Elle a récemment rendu un avis sur le régime juridique de l'état d'urgence sanitaire. Elle y précise que "la banalisation de l'état d’urgence conduit à l’érosion progressive de l’Etat de droit", en insistant sur le fait que le parlement doive continuer d'exercer un rôle de contrôle, que la justice fasse son travail et que l'accès aux services publics soit garanti. Elle nous donne ici son avis sur le contrôle effectué par le parlement, sur le fait de prendre des décisions en Conseil de Défense et sur la prise en compte des avis des citoyens.
Outre la crise sanitaire, nous connaissons actuellement une crise sécuritaire dans une période marquée à la fois par la menace terroriste et des débats sur la déontologie des forces de l'ordre.

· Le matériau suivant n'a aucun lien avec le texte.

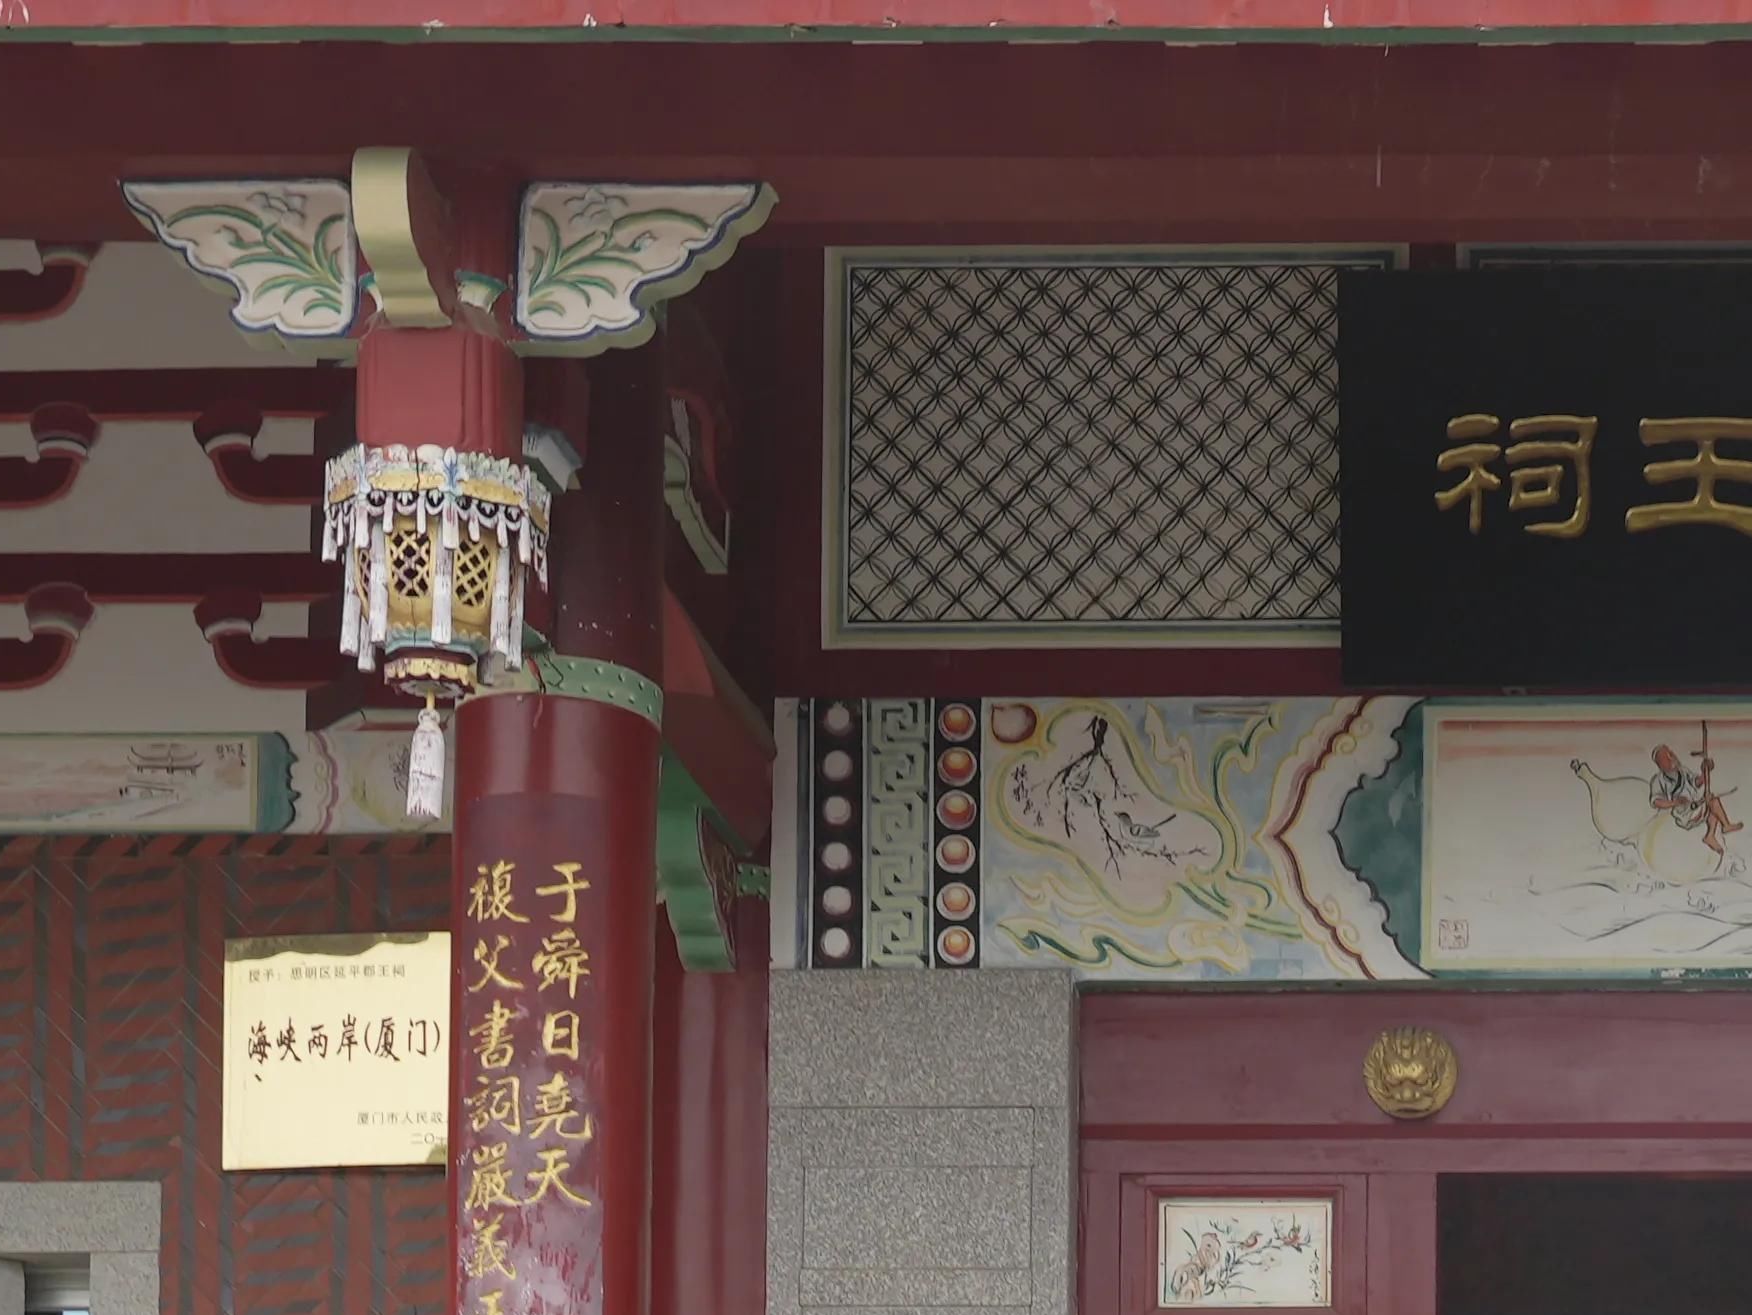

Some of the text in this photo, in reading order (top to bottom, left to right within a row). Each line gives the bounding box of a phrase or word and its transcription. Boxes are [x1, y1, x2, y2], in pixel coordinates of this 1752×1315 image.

Si Claire Hédon n'aime pas le terme de "violences policières", elle tente d'oeuvrer en faveur d'un contrôle des forces de l'ordre pour rétablir la confiance entre la population et ces forces de l’ordre.
Enfin, Claire Hédon revient avec nous sur l'ensemble de ses missions : défense des droits des enfants, des libertés individuelles et surtout la lutte contre les discriminations sous toutes ses formes, qu'elles soient liées à la couleur de peau, à un handicap ou à la pauvreté.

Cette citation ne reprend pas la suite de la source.